### Exercise brief
Extract the full set of records, then give each one again exactly.

### Data in this exercise

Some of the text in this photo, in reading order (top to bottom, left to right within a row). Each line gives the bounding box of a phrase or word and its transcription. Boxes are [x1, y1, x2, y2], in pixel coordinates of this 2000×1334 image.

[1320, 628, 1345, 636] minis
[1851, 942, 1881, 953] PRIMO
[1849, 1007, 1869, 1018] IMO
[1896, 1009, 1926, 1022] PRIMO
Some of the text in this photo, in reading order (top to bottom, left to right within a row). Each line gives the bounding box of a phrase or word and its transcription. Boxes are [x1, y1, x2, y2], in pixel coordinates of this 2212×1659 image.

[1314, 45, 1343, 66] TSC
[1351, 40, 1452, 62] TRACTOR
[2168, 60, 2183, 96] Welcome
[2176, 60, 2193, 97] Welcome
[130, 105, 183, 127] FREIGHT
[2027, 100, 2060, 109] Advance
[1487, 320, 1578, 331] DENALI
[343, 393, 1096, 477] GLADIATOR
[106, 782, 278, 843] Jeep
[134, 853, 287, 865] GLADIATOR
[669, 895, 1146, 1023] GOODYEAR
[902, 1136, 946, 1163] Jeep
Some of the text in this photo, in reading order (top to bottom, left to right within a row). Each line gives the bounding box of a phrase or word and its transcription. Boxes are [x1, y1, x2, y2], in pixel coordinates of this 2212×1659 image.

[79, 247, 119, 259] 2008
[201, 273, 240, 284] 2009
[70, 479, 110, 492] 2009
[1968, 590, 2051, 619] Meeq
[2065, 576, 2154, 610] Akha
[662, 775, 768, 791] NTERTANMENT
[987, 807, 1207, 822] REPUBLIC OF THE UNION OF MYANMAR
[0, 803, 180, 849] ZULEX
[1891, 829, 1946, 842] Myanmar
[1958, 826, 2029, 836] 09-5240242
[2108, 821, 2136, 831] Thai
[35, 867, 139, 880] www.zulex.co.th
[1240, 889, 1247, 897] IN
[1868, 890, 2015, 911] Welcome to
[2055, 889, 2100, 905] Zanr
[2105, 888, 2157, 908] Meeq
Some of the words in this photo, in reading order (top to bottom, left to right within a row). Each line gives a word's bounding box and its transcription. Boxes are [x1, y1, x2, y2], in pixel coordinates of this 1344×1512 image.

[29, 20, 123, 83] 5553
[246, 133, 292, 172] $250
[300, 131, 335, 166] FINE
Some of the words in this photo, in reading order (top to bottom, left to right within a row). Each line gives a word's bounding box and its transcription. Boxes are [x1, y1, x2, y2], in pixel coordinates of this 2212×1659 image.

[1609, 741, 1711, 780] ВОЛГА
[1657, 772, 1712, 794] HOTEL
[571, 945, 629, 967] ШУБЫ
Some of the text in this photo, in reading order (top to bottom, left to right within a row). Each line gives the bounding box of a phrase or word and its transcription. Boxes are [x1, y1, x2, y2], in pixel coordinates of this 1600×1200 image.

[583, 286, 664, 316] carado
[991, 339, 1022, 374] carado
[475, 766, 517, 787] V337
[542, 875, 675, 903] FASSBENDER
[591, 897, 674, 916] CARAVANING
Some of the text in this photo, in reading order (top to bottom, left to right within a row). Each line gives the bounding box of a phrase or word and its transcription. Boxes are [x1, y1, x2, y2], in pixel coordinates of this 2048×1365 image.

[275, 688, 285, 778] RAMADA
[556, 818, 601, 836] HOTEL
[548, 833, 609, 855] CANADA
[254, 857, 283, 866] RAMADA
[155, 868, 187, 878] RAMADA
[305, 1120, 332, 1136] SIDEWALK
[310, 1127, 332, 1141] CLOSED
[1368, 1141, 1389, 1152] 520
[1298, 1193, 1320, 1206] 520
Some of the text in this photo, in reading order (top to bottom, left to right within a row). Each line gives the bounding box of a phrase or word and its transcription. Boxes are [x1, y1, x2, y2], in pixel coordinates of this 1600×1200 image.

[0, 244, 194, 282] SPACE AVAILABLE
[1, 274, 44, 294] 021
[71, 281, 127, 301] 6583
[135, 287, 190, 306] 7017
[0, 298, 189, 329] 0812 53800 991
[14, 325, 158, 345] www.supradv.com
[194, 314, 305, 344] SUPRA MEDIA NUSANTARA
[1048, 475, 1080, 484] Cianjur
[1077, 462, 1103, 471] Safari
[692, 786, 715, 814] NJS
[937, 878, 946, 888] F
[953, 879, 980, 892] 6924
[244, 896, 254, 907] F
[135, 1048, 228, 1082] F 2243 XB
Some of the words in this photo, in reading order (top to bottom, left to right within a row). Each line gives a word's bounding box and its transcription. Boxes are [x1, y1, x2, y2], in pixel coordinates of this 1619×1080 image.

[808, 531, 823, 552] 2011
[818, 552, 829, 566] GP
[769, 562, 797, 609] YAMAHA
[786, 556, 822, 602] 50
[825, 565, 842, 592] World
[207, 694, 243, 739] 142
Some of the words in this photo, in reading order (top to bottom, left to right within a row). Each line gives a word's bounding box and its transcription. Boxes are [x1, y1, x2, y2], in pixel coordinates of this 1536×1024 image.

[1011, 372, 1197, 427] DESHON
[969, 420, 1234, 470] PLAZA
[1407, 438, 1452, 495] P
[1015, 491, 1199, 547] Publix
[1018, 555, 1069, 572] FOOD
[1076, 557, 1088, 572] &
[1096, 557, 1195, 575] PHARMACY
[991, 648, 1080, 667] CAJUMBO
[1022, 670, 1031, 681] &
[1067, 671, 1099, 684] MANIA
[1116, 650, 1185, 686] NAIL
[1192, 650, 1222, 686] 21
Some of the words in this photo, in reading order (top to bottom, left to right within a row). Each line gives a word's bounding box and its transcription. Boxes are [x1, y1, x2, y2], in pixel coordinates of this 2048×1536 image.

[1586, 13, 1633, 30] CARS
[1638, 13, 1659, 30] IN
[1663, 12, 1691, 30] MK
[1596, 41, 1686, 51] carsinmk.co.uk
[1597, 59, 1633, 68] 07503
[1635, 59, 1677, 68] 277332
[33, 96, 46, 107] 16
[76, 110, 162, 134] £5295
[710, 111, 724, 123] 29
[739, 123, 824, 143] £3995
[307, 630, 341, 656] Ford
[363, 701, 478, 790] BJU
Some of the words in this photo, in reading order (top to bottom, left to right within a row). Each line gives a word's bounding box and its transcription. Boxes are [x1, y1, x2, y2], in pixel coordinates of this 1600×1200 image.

### Solution to this exercise
Some of the text in this photo, in reading order (top to bottom, left to right within a row). Each line gives the bounding box of a phrase or word and its transcription. Boxes are [x1, y1, x2, y2], in pixel coordinates of this 2000×1334 image.

[1320, 628, 1345, 636] minis
[1851, 942, 1881, 953] PRIMO
[1849, 1007, 1869, 1018] IMO
[1896, 1009, 1926, 1022] PRIMO
Some of the text in this photo, in reading order (top to bottom, left to right within a row). Each line gives the bounding box of a phrase or word and its transcription. Boxes are [x1, y1, x2, y2], in pixel coordinates of this 2212×1659 image.

[1314, 45, 1343, 66] TSC
[1351, 40, 1452, 62] TRACTOR
[2168, 60, 2183, 96] Welcome
[2176, 60, 2193, 97] Welcome
[130, 105, 183, 127] FREIGHT
[2027, 100, 2060, 109] Advance
[1487, 320, 1578, 331] DENALI
[343, 393, 1096, 477] GLADIATOR
[106, 782, 278, 843] Jeep
[134, 853, 287, 865] GLADIATOR
[669, 895, 1146, 1023] GOODYEAR
[902, 1136, 946, 1163] Jeep
Some of the text in this photo, in reading order (top to bottom, left to right within a row). Each line gives the bounding box of a phrase or word and its transcription. Boxes are [x1, y1, x2, y2], in pixel coordinates of this 2212×1659 image.

[79, 247, 119, 259] 2008
[201, 273, 240, 284] 2009
[70, 479, 110, 492] 2009
[1968, 590, 2051, 619] Meeq
[2065, 576, 2154, 610] Akha
[662, 775, 768, 791] NTERTANMENT
[987, 807, 1207, 822] REPUBLIC OF THE UNION OF MYANMAR
[0, 803, 180, 849] ZULEX
[1891, 829, 1946, 842] Myanmar
[1958, 826, 2029, 836] 09-5240242
[2108, 821, 2136, 831] Thai
[35, 867, 139, 880] www.zulex.co.th
[1240, 889, 1247, 897] IN
[1868, 890, 2015, 911] Welcome to
[2055, 889, 2100, 905] Zanr
[2105, 888, 2157, 908] Meeq
Some of the words in this photo, in reading order (top to bottom, left to right within a row). Each line gives a word's bounding box and its transcription. Boxes are [x1, y1, x2, y2], in pixel coordinates of this 1344×1512 image.

[29, 20, 123, 83] 5553
[246, 133, 292, 172] $250
[300, 131, 335, 166] FINE
Some of the words in this photo, in reading order (top to bottom, left to right within a row). Each line gives a word's bounding box and its transcription. Boxes are [x1, y1, x2, y2], in pixel coordinates of this 2212×1659 image.

[1609, 741, 1711, 780] ВОЛГА
[1657, 772, 1712, 794] HOTEL
[571, 945, 629, 967] ШУБЫ
Some of the text in this photo, in reading order (top to bottom, left to right within a row). Each line gives the bounding box of a phrase or word and its transcription. Boxes are [x1, y1, x2, y2], in pixel coordinates of this 1600×1200 image.

[583, 286, 664, 316] carado
[991, 339, 1022, 374] carado
[475, 766, 517, 787] V337
[542, 875, 675, 903] FASSBENDER
[591, 897, 674, 916] CARAVANING
Some of the text in this photo, in reading order (top to bottom, left to right within a row). Each line gives the bounding box of a phrase or word and its transcription. Boxes are [x1, y1, x2, y2], in pixel coordinates of this 2048×1365 image.

[275, 688, 285, 778] RAMADA
[556, 818, 601, 836] HOTEL
[548, 833, 609, 855] CANADA
[254, 857, 283, 866] RAMADA
[155, 868, 187, 878] RAMADA
[305, 1120, 332, 1136] SIDEWALK
[310, 1127, 332, 1141] CLOSED
[1368, 1141, 1389, 1152] 520
[1298, 1193, 1320, 1206] 520
Some of the text in this photo, in reading order (top to bottom, left to right within a row). Each line gives the bounding box of a phrase or word and its transcription. Boxes are [x1, y1, x2, y2], in pixel coordinates of this 1600×1200 image.

[0, 244, 194, 282] SPACE AVAILABLE
[1, 274, 44, 294] 021
[71, 281, 127, 301] 6583
[135, 287, 190, 306] 7017
[0, 298, 189, 329] 0812 53800 991
[14, 325, 158, 345] www.supradv.com
[194, 314, 305, 344] SUPRA MEDIA NUSANTARA
[1048, 475, 1080, 484] Cianjur
[1077, 462, 1103, 471] Safari
[692, 786, 715, 814] NJS
[937, 878, 946, 888] F
[953, 879, 980, 892] 6924
[244, 896, 254, 907] F
[135, 1048, 228, 1082] F 2243 XB
Some of the words in this photo, in reading order (top to bottom, left to right within a row). Each line gives a word's bounding box and its transcription. Boxes are [x1, y1, x2, y2], in pixel coordinates of this 1619×1080 image.

[808, 531, 823, 552] 2011
[818, 552, 829, 566] GP
[769, 562, 797, 609] YAMAHA
[786, 556, 822, 602] 50
[825, 565, 842, 592] World
[207, 694, 243, 739] 142
Some of the words in this photo, in reading order (top to bottom, left to right within a row). Each line gives a word's bounding box and its transcription. Boxes are [x1, y1, x2, y2], in pixel coordinates of this 1536×1024 image.

[1011, 372, 1197, 427] DESHON
[969, 420, 1234, 470] PLAZA
[1407, 438, 1452, 495] P
[1015, 491, 1199, 547] Publix
[1018, 555, 1069, 572] FOOD
[1076, 557, 1088, 572] &
[1096, 557, 1195, 575] PHARMACY
[991, 648, 1080, 667] CAJUMBO
[1022, 670, 1031, 681] &
[1067, 671, 1099, 684] MANIA
[1116, 650, 1185, 686] NAIL
[1192, 650, 1222, 686] 21
Some of the words in this photo, in reading order (top to bottom, left to right within a row). Each line gives a word's bounding box and its transcription. Boxes are [x1, y1, x2, y2], in pixel coordinates of this 2048×1536 image.

[1586, 13, 1633, 30] CARS
[1638, 13, 1659, 30] IN
[1663, 12, 1691, 30] MK
[1596, 41, 1686, 51] carsinmk.co.uk
[1597, 59, 1633, 68] 07503
[1635, 59, 1677, 68] 277332
[33, 96, 46, 107] 16
[76, 110, 162, 134] £5295
[710, 111, 724, 123] 29
[739, 123, 824, 143] £3995
[307, 630, 341, 656] Ford
[363, 701, 478, 790] BJU
Some of the words in this photo, in reading order (top to bottom, left to right within a row). Each line gives a word's bounding box and its transcription. Boxes are [x1, y1, x2, y2], in pixel coordinates of this 1600×1200 image.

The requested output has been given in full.